Residents the Star-Telegram spoke to said they had no idea who had sent the letter.

Despite that, Deweber and many others are choosing to believe the best about the organizations.

“I don’t think the Jaycees are intentionally targeting the chamber,” Deweber said. “I feel like if there wasn’t these other events that they could have had it on another weekend, they probably would be. But how things worked out this year, the late notice, it was really hard to, to separate it from that weekend.”’

The issue of the same weekend is a topic the chamber and the city don’t see eye to eye on.

Deweber said it isn’t rare for multiple events to take place in Cooke County on the same weekend and said that those events sometimes bring visitors into neighboring towns.

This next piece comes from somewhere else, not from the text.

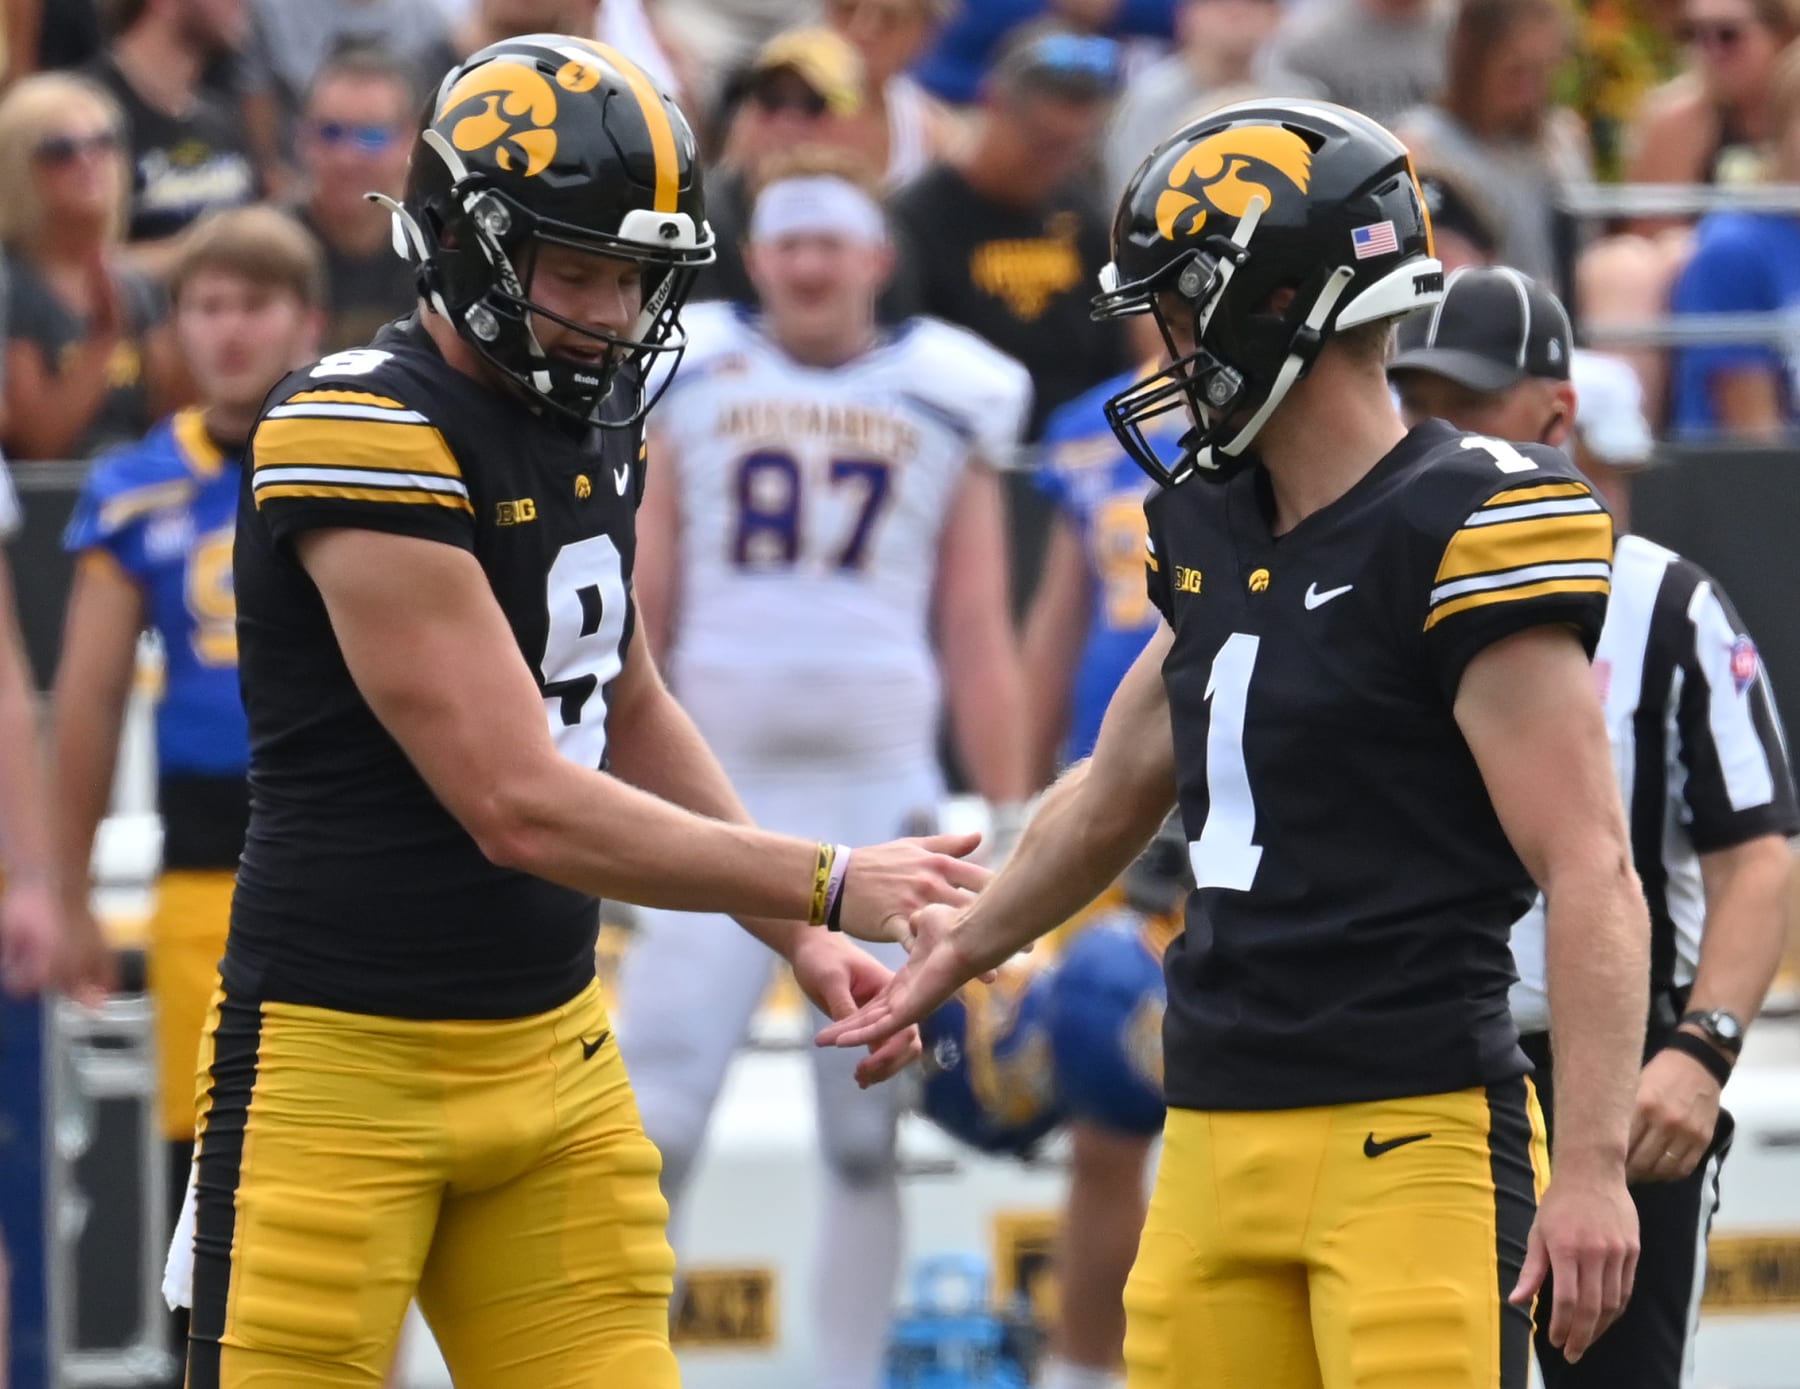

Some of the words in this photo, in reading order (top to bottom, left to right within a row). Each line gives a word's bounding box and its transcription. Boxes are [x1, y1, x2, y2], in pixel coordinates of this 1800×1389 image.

However the chamber sees things differently.

“If we know that Saint Jo is having an event, or Lindsay is having an event, or Nocona is having an event, we try not to fall on the same weekend as them,” said Palmer, of the chamber. “We just assumed that there was an ordinance here in Muenster that no other events could take place the same weekend.”

Deweber said the city does not coordinate with neighboring cities on when to schedule (or not schedule) events.

A town, not so divided?

Both Palmer and Flusche wish the other festival well and both are clearly emotional about the decision.

They refuse to make this dispute personal, they don’t bash the other organization, they don’t resort to mud-slinging or feed the narrative of a town divided.

“This is still a unified town,” Flusche said. “This has all been blown out of proportion.”

Most important, neither of them wants this.

Everyone has expressed that they want the Jaycees’ 53-foot long beer van filled with kegs to be pouring cold beer at Germanfest next year.

Ultimately their festivals may be separate but they share the same goal: to bring visitors and money into their community.